Thanks WillenFan! Hugs back at you and for everyone here on WS.

We know it's going to be a :rollercoaster:


but we'll get through it together!
 
Thanks for the hugs, WillenFan. I wonder if there is ever going to be an end to the Caylee Marie case. I believe that Caylee Marie was just the beginning....now there are so many more children who have "gone missing". Strange, too, that some of the missing have sound-alike names. My heart has been torn by Caylee Marie from the very beginning. She was the picture of innocence, sweet and pure - and found under such horrific conditions. Who could harm their own child. Will there ever be enough justice to punish all who chose to deny the truth of what happened to Caylee Marie. There are times when it is hard to believe that justice will prevail.

Oh, it's comin' girl! I know it! I am 100% positive that casey will be found guilty of first degree murder for the killing of a child whose soul so illuminates the empty space where casey's should have been. It's comin'!!!!!!!!!!!!!!!!
 
Yes. Jury selection will take up this entire week and may go into Monday of next week. The actual trial is to begin on Tuesday, May 17th, with opening statements on that day.


Thank you so much! Now I know where to mark my calendar!
 
Far too early! We're 3 hours behind the east coast, so if the jury selection begins at 8:30am, we'd have to be up at 5:30am!
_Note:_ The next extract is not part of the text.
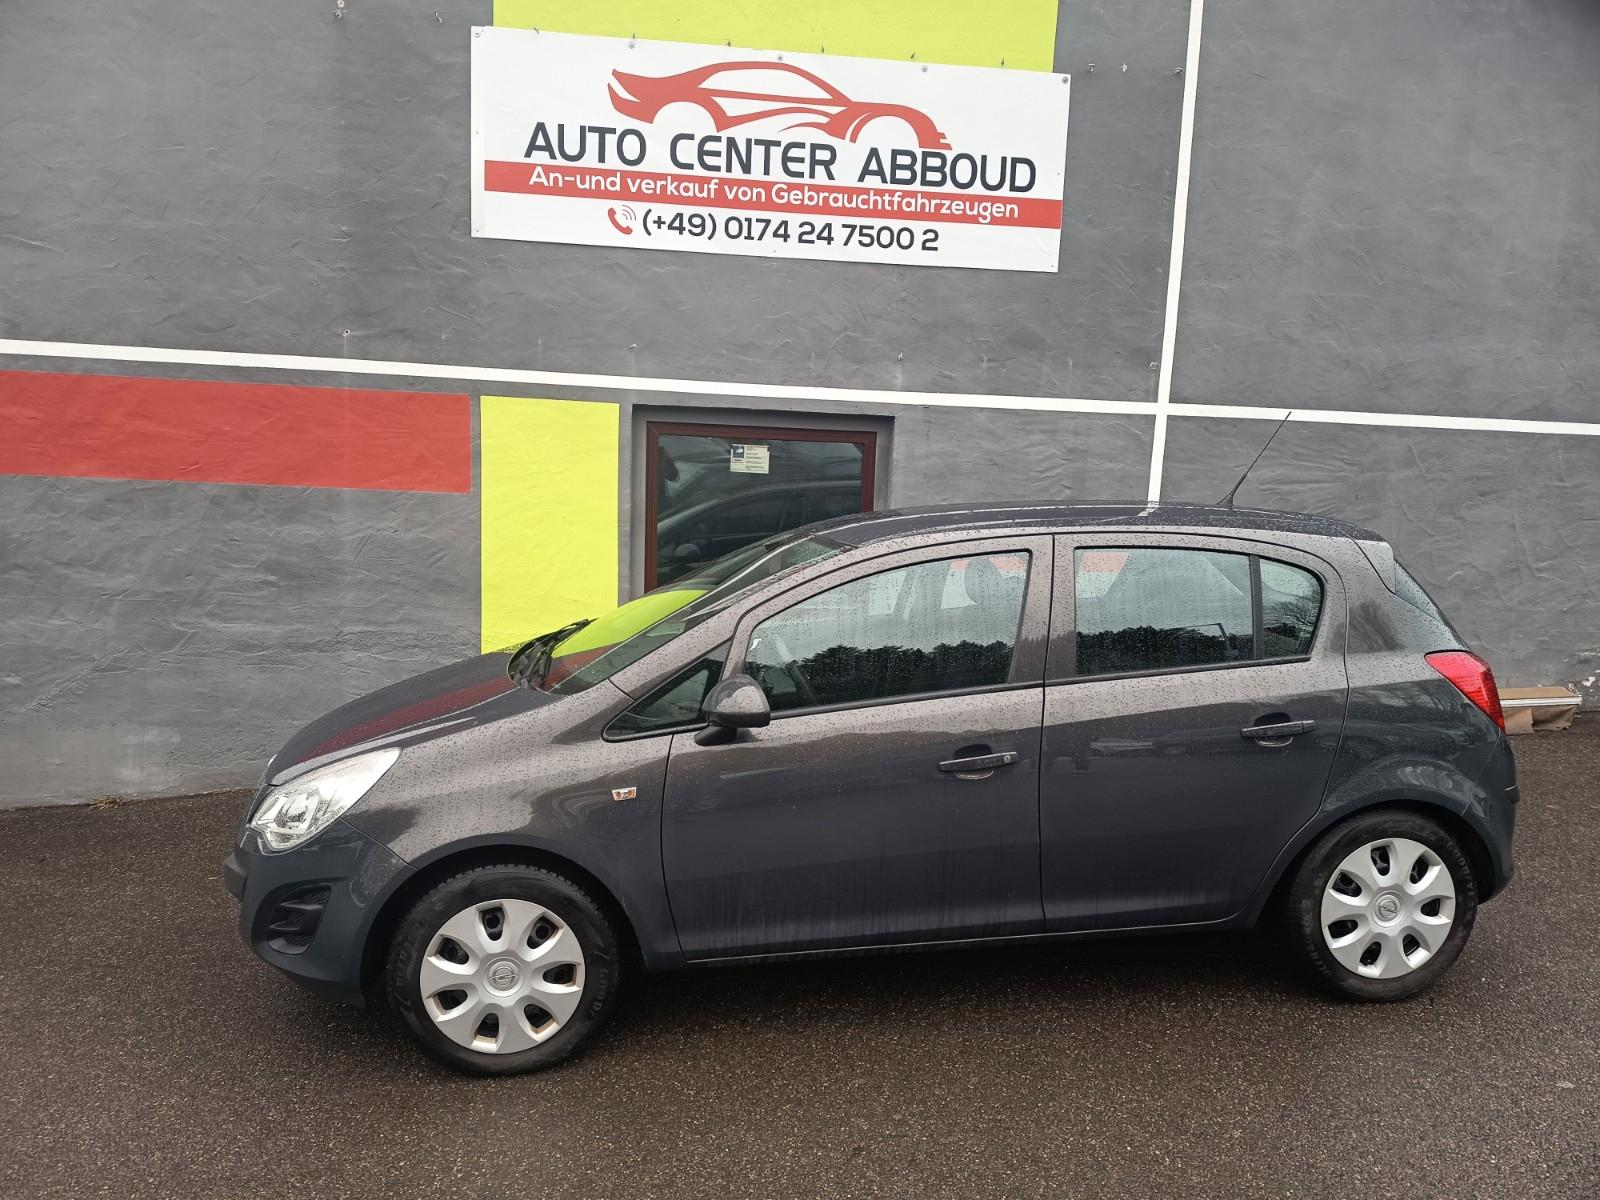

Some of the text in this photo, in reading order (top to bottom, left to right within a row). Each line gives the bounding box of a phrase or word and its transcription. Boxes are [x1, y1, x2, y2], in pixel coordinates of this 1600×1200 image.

[523, 121, 1037, 193] AUTO CENTER ABBOUD
[528, 164, 1020, 224] An-und verkauf von Gebrauchtfahrzeugen
[642, 208, 939, 252] (+49) 0174 24 7500 2
And..........I read in the news thread that it may begin at 7:30am, which is 4:30am here! The only thing that will get me out of bed that early is an earthquake! :)
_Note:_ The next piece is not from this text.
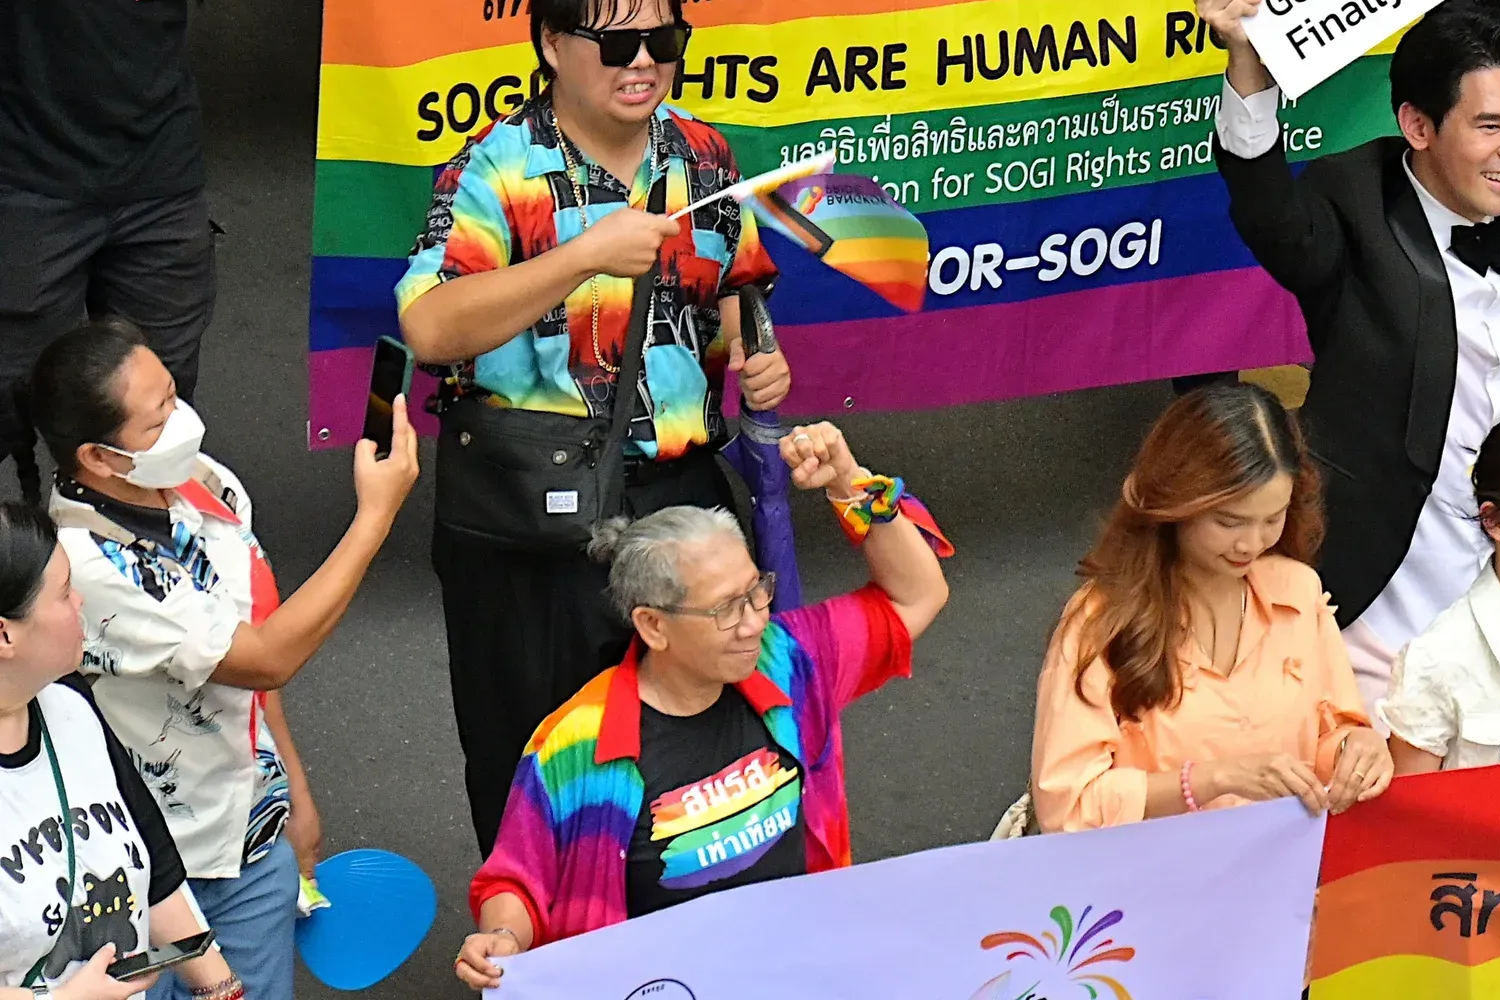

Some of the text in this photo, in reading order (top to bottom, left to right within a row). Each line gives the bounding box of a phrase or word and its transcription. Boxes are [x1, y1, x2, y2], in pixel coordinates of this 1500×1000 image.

Oh don't say that to us west coasters - we're bound to be shaking (if Caylee has her way with justice). I read about the storms and rain in the Coleman case and it was quite eery!

MOO

mel

ps: sorry to get OT
 
Okay, I have read every single post so far and am now bawling my eyes out. :anguish:

I love you guys. :heartbeat: How can you not love people with such big hearts?!?!?

Thanks to everyone for suffering through the heartbreak and insanity and seeing this through to the end. The devotion and dedication is amazing here.

:grouphug:
 
Hello, everyone.. I'm not very good with words and can't begin to touch some of the beautifully written posts on this thread, so I'll just say -- I love this site and its members. I came into this case late - 2009, to be exact - found a wikipedia page about the case, oddly enough, by searching for some info on an unsolved murder of a young lady that happened in my home state of Louisiana (Kayla Mayberry murder, for those of you familiar). Shortly thereafter, I found this site... and I'm very happy that I did! Hugs to all of you. May justice be served for Caylee Marie!!!
 
Let's not forget...whatever happens during this trial, and the eventual outcome, ICA knows what the real truth is. Either it will haunt her or leave her with peace when she is
on her deathbed. That is when, in my opinion, all that happened in your life hits you full force.
 
Thanks so much, WillenFan. What a wild ride this has been. I cannot believe three years have gone by since Caylee went missing and she and all of you became a part of my every day life. You are all such wonderful people and I feel like I'm "home" when I'm here reading your wise words and shared sentiments. The next few months will be crazy, but they've been a long time coming and in the end, Caylee will get the justice she deserves.